◆ **RECORDED DATA**
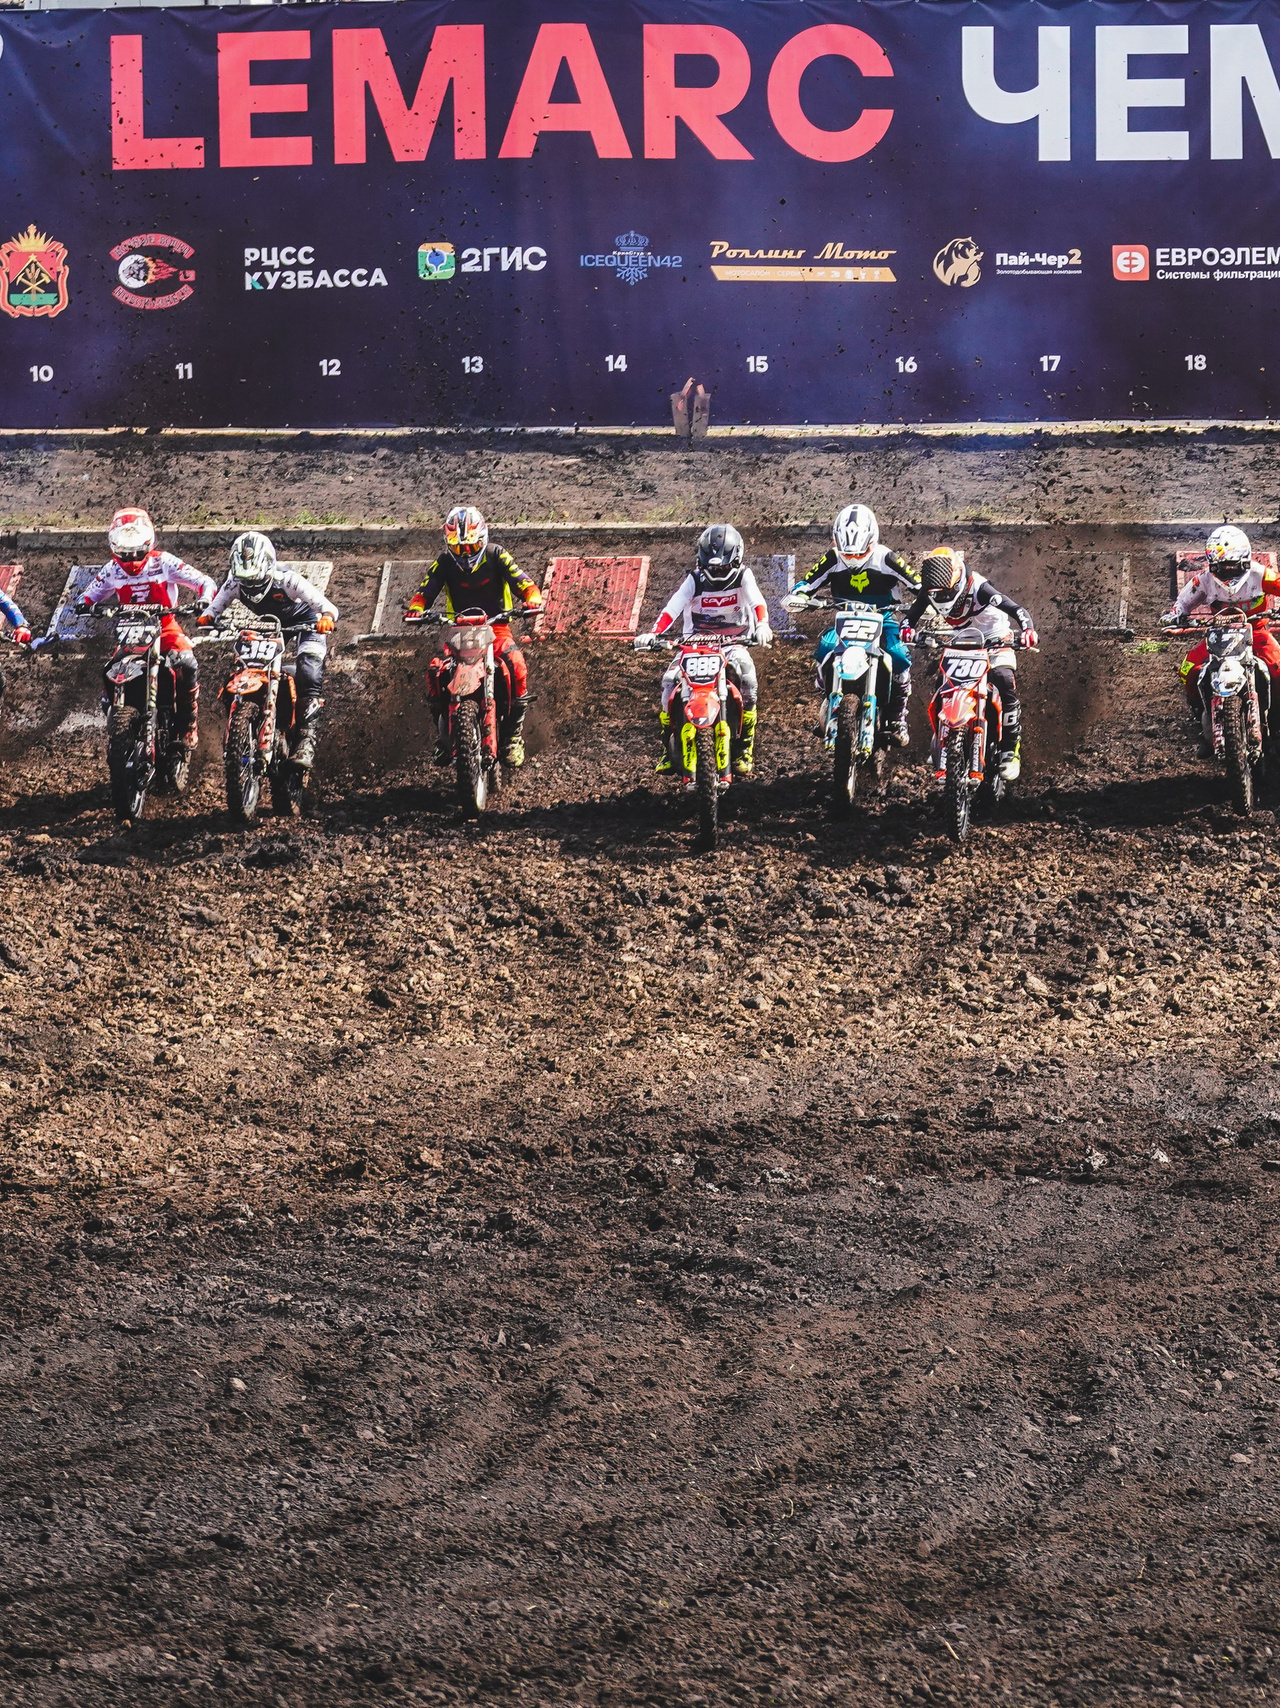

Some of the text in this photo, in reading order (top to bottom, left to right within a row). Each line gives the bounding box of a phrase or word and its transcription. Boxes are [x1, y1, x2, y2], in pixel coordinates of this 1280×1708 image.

[111, 22, 895, 170] LEMARC
[244, 246, 315, 268] РЦСС
[709, 240, 897, 260] Роллинг Мото
[461, 246, 547, 272] 2ГИС
[580, 254, 682, 268] ICEQUEEN42
[245, 267, 388, 290] КУЗБАССА
[1156, 269, 1210, 280] Системы
[320, 359, 340, 375] 12
[462, 356, 483, 373] 13
[606, 355, 627, 371] 14
[747, 356, 768, 372] 15
[896, 357, 917, 372] 16
[1040, 356, 1060, 371] 17
[1185, 355, 1206, 370] 18
[30, 366, 53, 381] 10
[176, 363, 192, 379] 11
[841, 619, 878, 640] 22
[686, 656, 720, 677] 888
[947, 659, 988, 678] 730
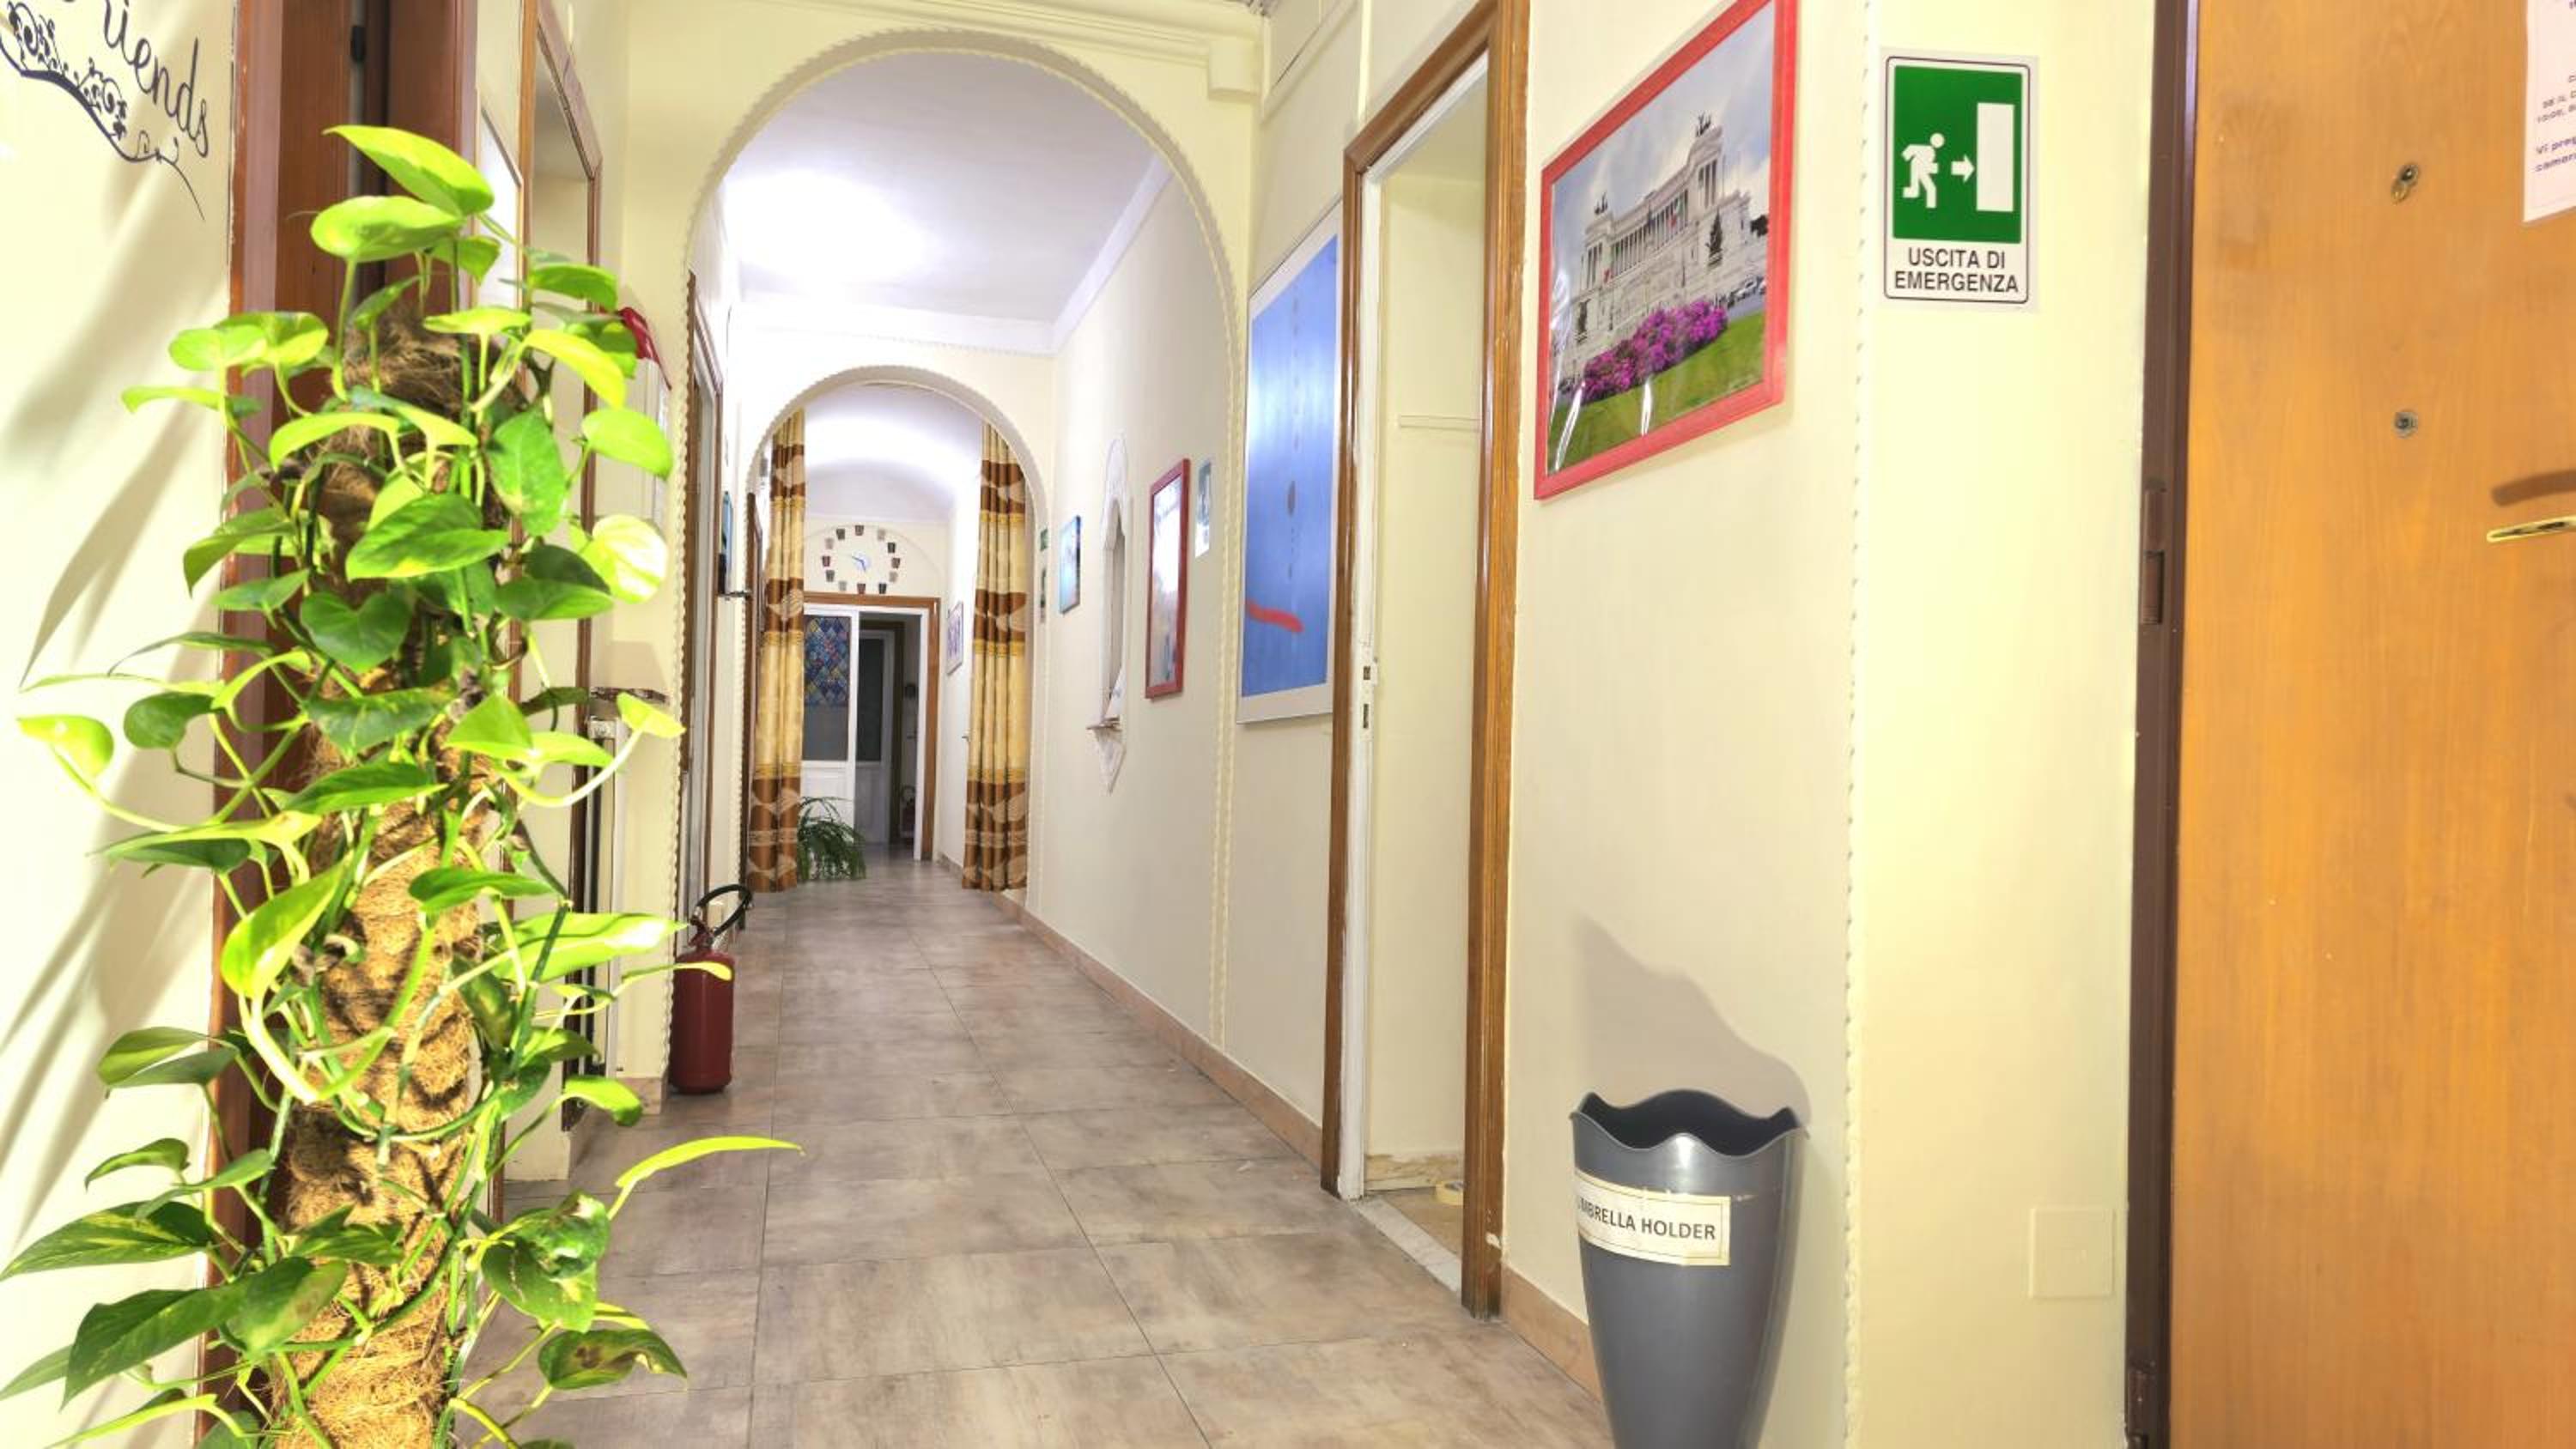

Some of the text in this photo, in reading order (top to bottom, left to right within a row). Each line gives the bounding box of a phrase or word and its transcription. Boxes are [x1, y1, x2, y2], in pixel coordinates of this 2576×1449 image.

[1908, 247, 2005, 269] USCITA DI
[1895, 270, 2019, 293] EMERGENZA
[1577, 1197, 1716, 1240] MBRELLA HOLDER
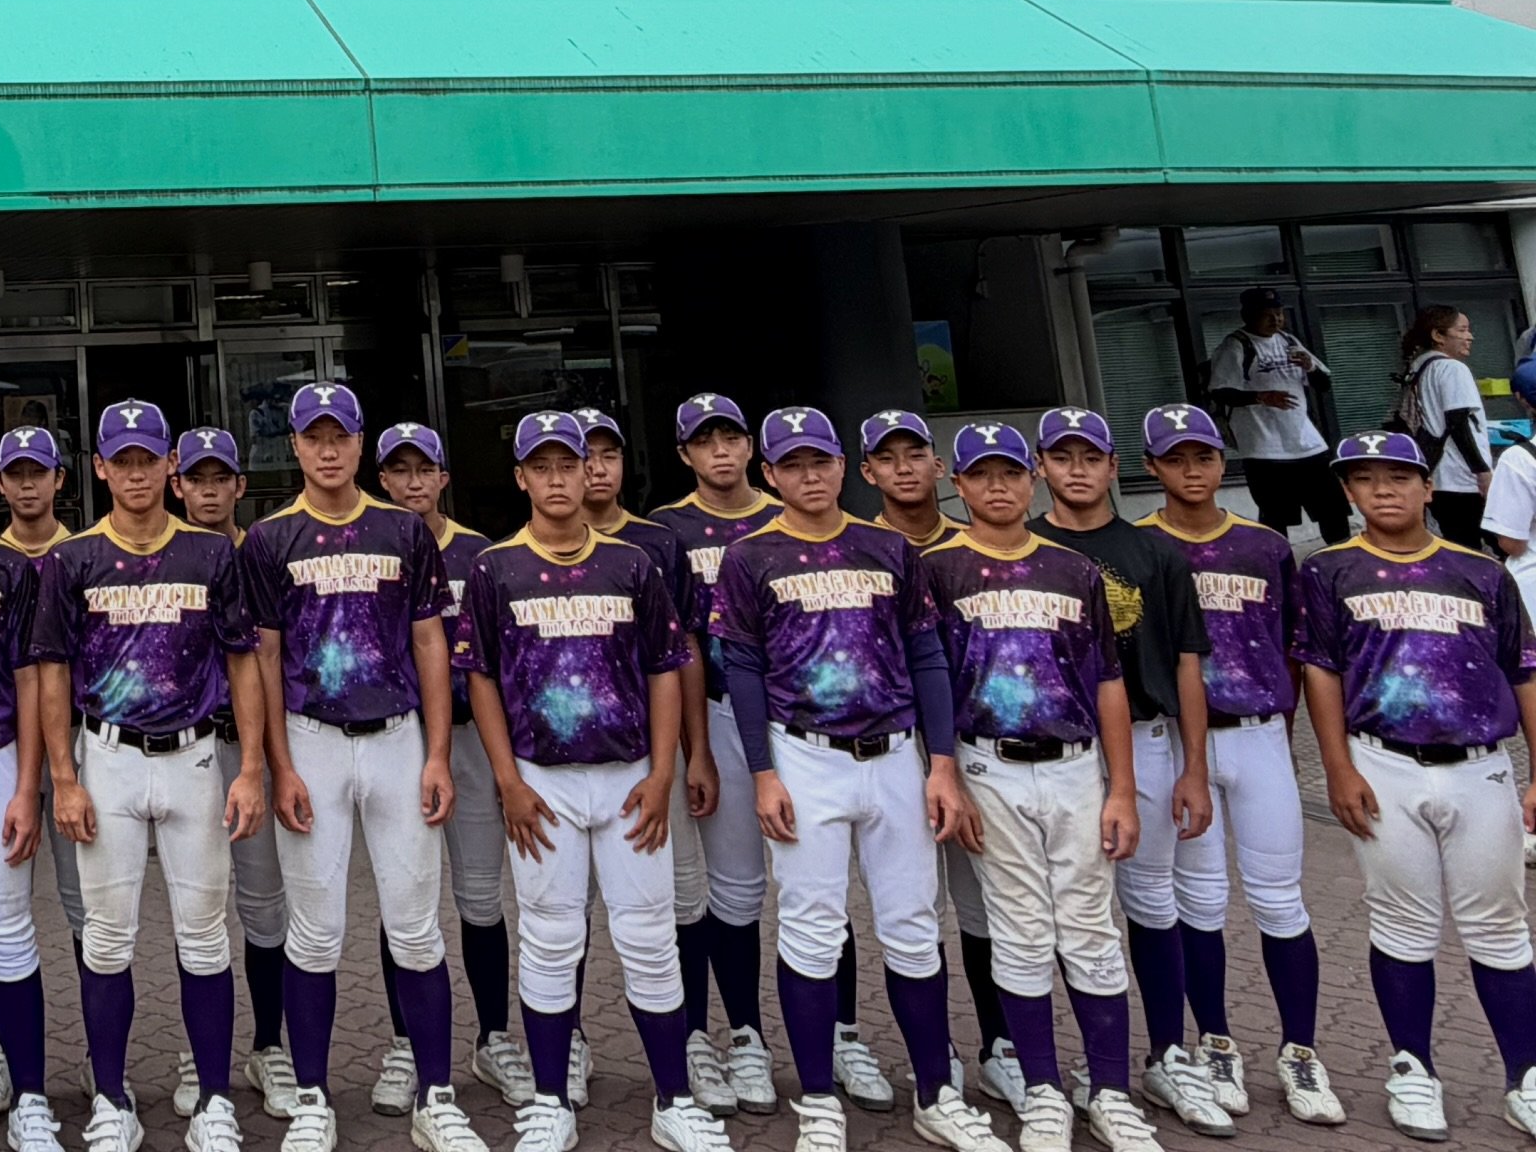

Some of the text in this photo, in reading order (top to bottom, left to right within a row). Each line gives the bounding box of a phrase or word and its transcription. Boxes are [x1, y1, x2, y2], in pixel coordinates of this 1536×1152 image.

◆ **WHAT IS NEEDED**
Exact reproduction of the entries above is what's needed; images stay out.

◆ **FINISHED TASK**
Some of the text in this photo, in reading order (top to bottom, left to right within a row). Each line gives the bounding box of a phrase or word and its transcription. Boxes are [x1, y1, x2, y2], in pixel coordinates of this 1280×1708 image.

[111, 22, 895, 170] LEMARC
[244, 246, 315, 268] РЦСС
[709, 240, 897, 260] Роллинг Мото
[461, 246, 547, 272] 2ГИС
[580, 254, 682, 268] ICEQUEEN42
[245, 267, 388, 290] КУЗБАССА
[1156, 269, 1210, 280] Системы
[320, 359, 340, 375] 12
[462, 356, 483, 373] 13
[606, 355, 627, 371] 14
[747, 356, 768, 372] 15
[896, 357, 917, 372] 16
[1040, 356, 1060, 371] 17
[1185, 355, 1206, 370] 18
[30, 366, 53, 381] 10
[176, 363, 192, 379] 11
[841, 619, 878, 640] 22
[686, 656, 720, 677] 888
[947, 659, 988, 678] 730

Some of the text in this photo, in reading order (top to bottom, left to right within a row). Each line gives the bounding box of a phrase or word and its transcription. Boxes are [x1, y1, x2, y2], in pixel coordinates of this 2576×1449 image.

[1908, 247, 2005, 269] USCITA DI
[1895, 270, 2019, 293] EMERGENZA
[1577, 1197, 1716, 1240] MBRELLA HOLDER

Some of the text in this photo, in reading order (top to bottom, left to right within a row). Each line gives the bounding box of a phrase or word and its transcription. Boxes are [x1, y1, x2, y2], in pixel coordinates of this 1536×1152 image.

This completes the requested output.